December 22, 2011, 11:33 AM EST

By Joe Carroll and Juan Pablo Spinetto

Dec. 22 (Bloomberg) — Chevron Corp., the operator of the Brazilian offshore well that triggered oil leaks, and rig owner Transocean Ltd. will defend executives threatened with criminal indictments in the South American nation.

Chevron learned that Brazil’s federal police intend to indict employees involved in the drilling that led to the Nov. 7 leaks from seafloor fissures near the $3.6 billion Frade development, Kurt Glaubitz, a spokesman for the San Ramon, California-based company, said in a statement late yesterday. Transocean, in a separate statement late yesterday, said it will “vigorously defend the company and its collaborators.”

Chevron, the second-largest U.S. energy company by market value, has been fined 50 million reais ($26.9 million) and ordered to halt all drilling and crude production off Brazil’s coast after discovering the leaks last month.

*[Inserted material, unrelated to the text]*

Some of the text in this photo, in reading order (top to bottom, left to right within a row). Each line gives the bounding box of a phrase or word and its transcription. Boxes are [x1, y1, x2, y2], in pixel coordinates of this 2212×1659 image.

Chevron estimated the volume of the seeps at 3,000 barrels during the eight days it took for the company to locate and halt the leaks.

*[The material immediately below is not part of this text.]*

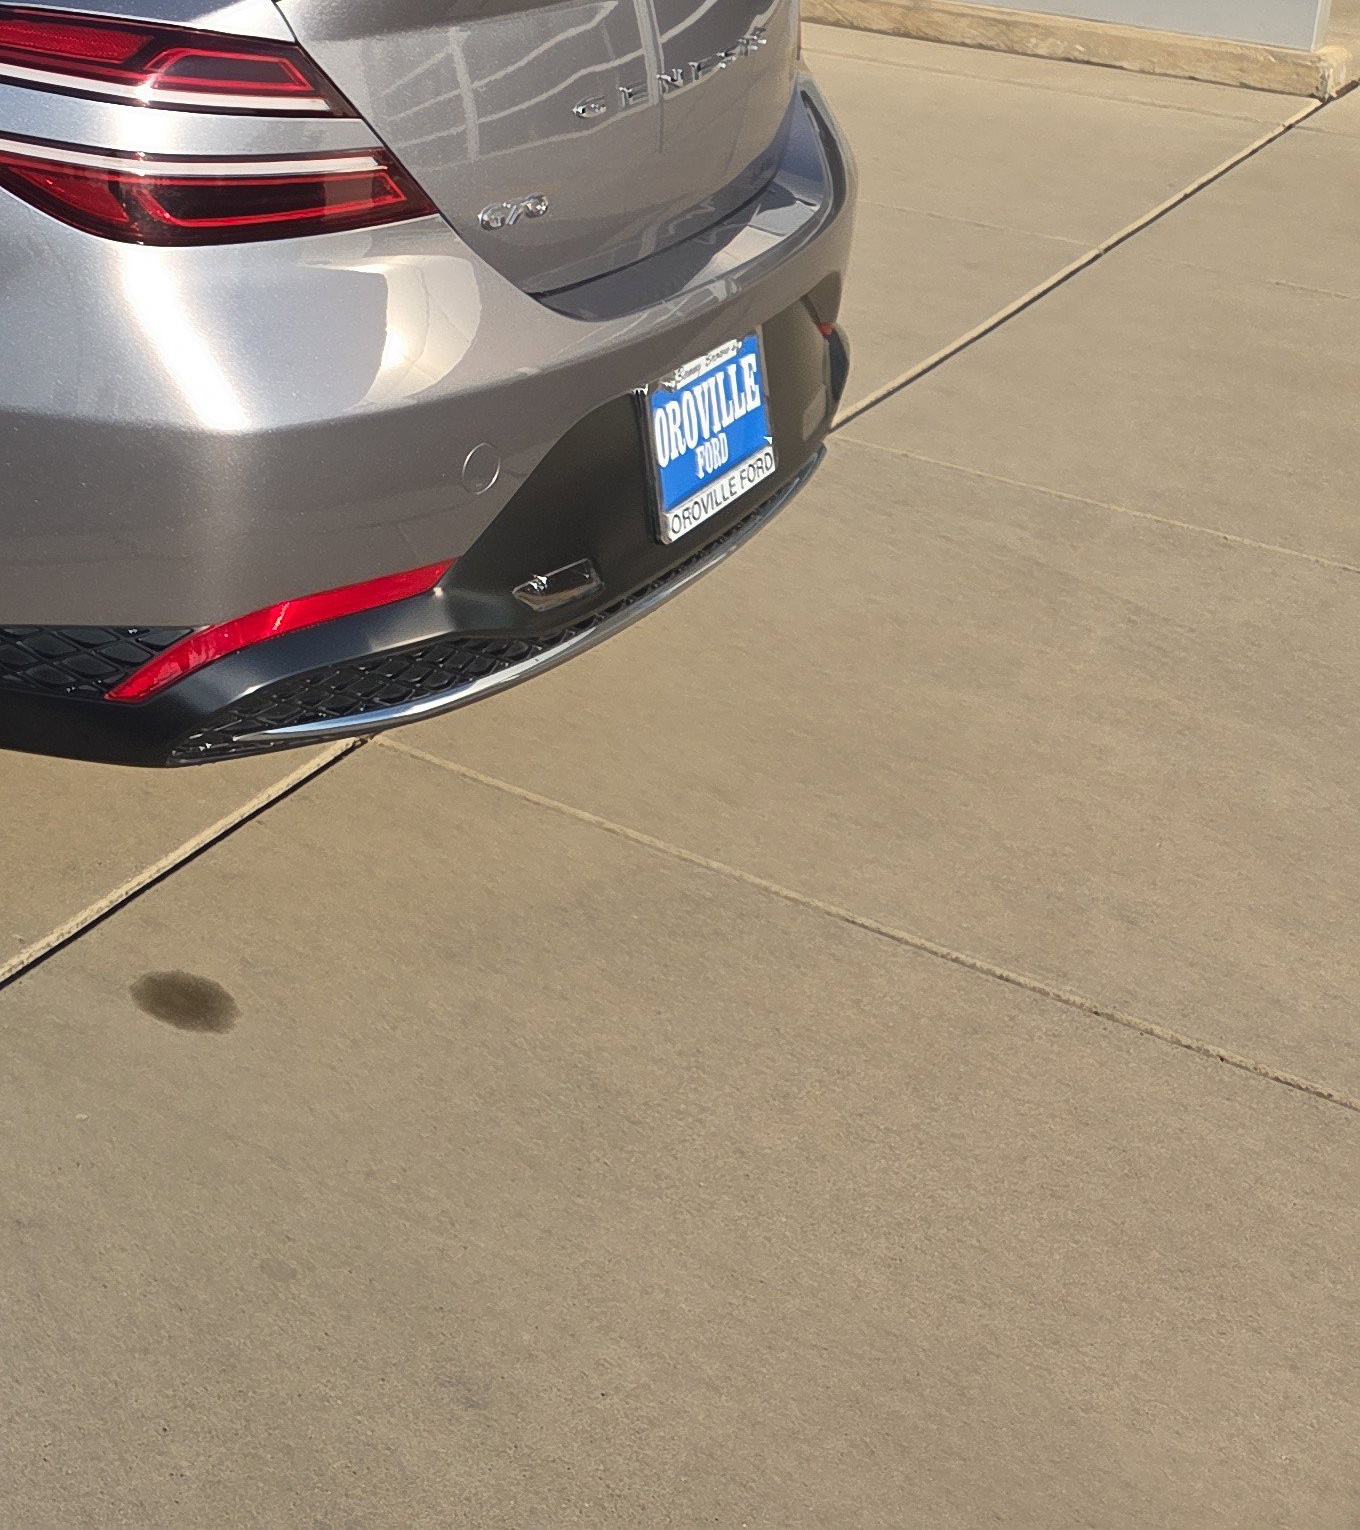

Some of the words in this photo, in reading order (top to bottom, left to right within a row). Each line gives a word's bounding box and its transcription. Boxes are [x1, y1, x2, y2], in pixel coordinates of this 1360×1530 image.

[654, 354, 761, 468] OROVILLE
[671, 476, 736, 534] OROVILLE
[739, 451, 773, 491] FORD
[694, 433, 729, 479] FORD

Chevron and other offshore oil explorers are facing increased scrutiny of their drilling practices in the wake of BP Plc’s 2010 blowout of a well in the Gulf of Mexico that killed 11 workers and led to the worst U.S. offshore crude spill.

In Brazil, the concerns have been compounded as the coastal city Rio de Janeiro prepares to host the 2014 World Cup and the Olympic Games two years later. Chevron’s Frade oil field is about 230 miles (370 kilometers) northeast of Rio in a region of the Atlantic Ocean known as the Campos Basin.

Employees Indicted

Chevron underestimated the amount of pressure at an oil deposit it was exploring, and crude leaked from the reservoir for about eight days, George Buck, president of Chevron’s Brazilian subsidiary, said on Nov. 20. Buck was among 17 Chevron and Transocean employees targeted for indictments, the Folha de S. Paulo newspaper reported yesterday. Glaubitz declined to identify the employees targeted for indictment. George wasn’t available to comment, the spokesman said.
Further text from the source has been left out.